Premio CIUDAD DE HUESCA

35ª Edición

2007

Marc Recha es un realizador fuera de norma, uno de los más insólitos del cine español. Su mirada personal e inconfundible se fue haciendo plano a plano, devorando las películas de cineastas como Marguerite Duras, Marcel Hanoun, Chris Marker, Robert Bresson, Jean Eustache o Jean Luc Godard o con la lectura de obras como Praxis del cine, de Noël Burch. No es, por tanto, extraño que su cine cuente desde el primer momento con el apoyo de la crítica francesa y sus películas sean estrenadas, una tras otra, en Francia. Intentó estudiar cine, pero aquello le pareció “como aterrizar en otro planeta. No entendía nada”. Su verdadera escuela sería la propia cámara y en 1984 (con sólo 14 años) comienza a realizar sus cortos en súper-8. Su primer largometraje,  El cielo sube (1991), supuso una conmoción, todo lo minoritaria que se quiera, dentro del cine español. En esa película ya están presentes su habitual cuestionamiento del tiempo, que en su cine toma formas sinuosas, llenas de pliegues y recovecos; su desbordamiento del estrecho espacio de la pantalla, por medio de su particular uso del espacio en off; su magistral manera de comunicarse con la naturaleza, de la que consigue captar el más mínimo pálpito; su utilización de la banda sonora, que sabe como nadie llenar de silencios, pero también de ruidos (particularmente del sonido de la naturaleza), como hiciera Jean Renoir, otro de sus maestros.

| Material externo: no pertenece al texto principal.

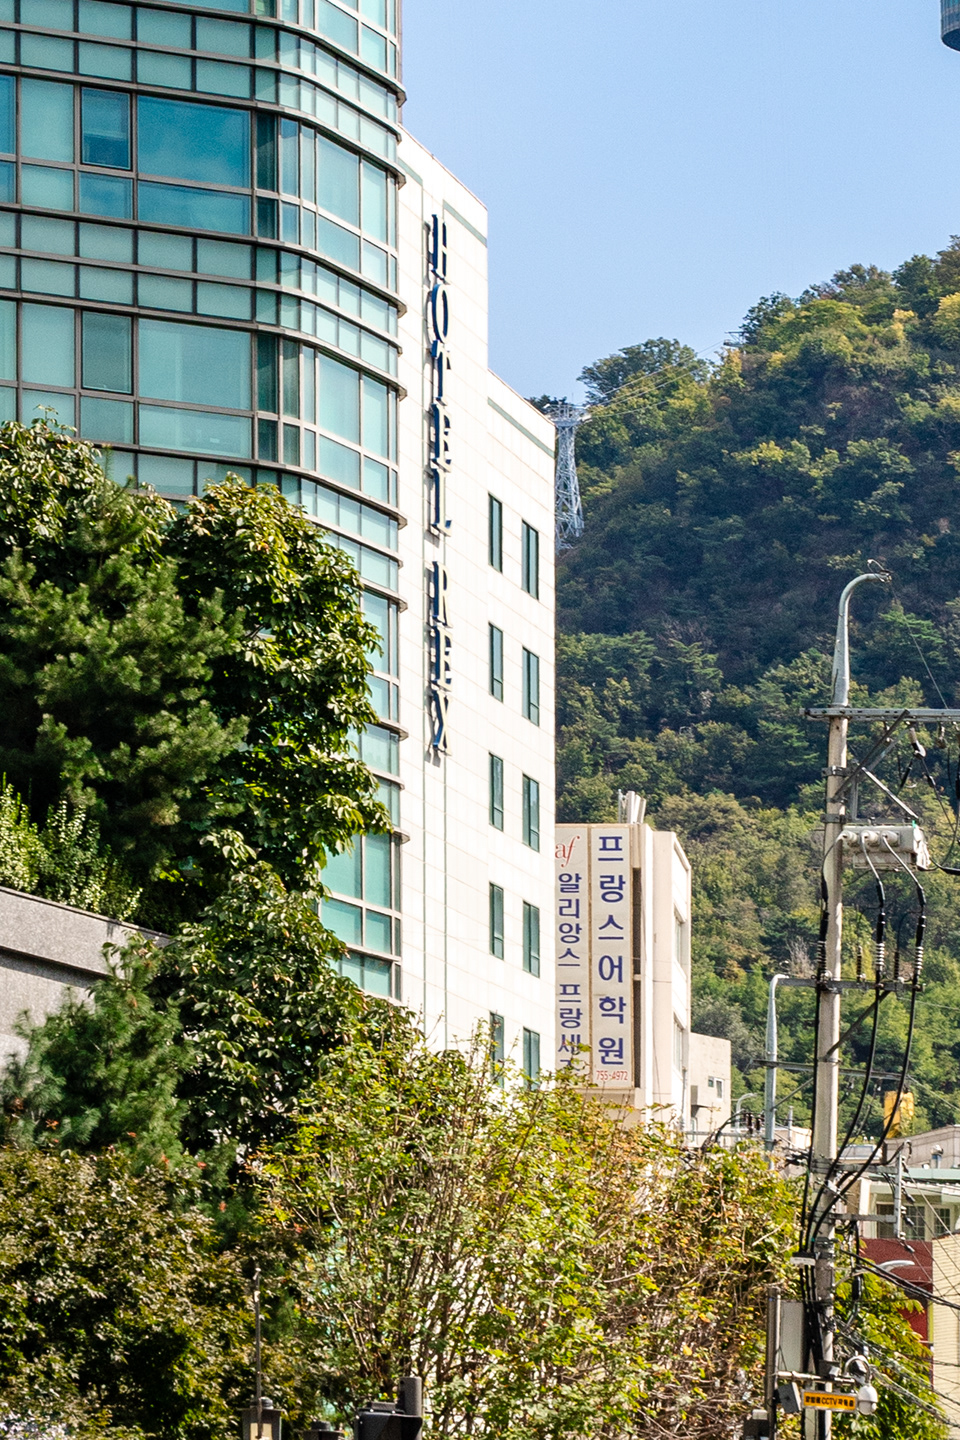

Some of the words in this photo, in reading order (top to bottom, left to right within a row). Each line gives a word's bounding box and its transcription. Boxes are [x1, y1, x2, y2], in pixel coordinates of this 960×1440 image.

Libertario sin pose, ecologista por experiencia personal, su cine está poblado por personajes que dudan y que buscan, pero que nunca pontifican. Personajes que huyen de la ciudad y buscan respuestas en la naturaleza, que se interrogan a sí mismos y que no pretenden otra cosa que ser fieles a sí mismos, de alguna forma extrañados de una sociedad ante la que se sienten perplejos y nada acomodaticios. El ritmo pausado en la aparición de sus trabajos (cinco largometrajes y tres cortos en quince años) es equivalente al de sus películas: El árbol de las cerezas (1998), Pau y su hermano (2001), Las manos vacías (2003). Su estilo, cada vez más depurado, ha desembocado, de momento, en Díes d’agost (2006), un auténtico poema en imágenes que hace que todos los que hemos aprendido a paladear sus obras esperemos con impaciencia sus próximos trabajos. Su cine es un lujo para todo aquel que aspire a algo más que a ver cine predigerido. Es un cine que, inevitablemente, apela a la inteligencia del espectador y su complicidad.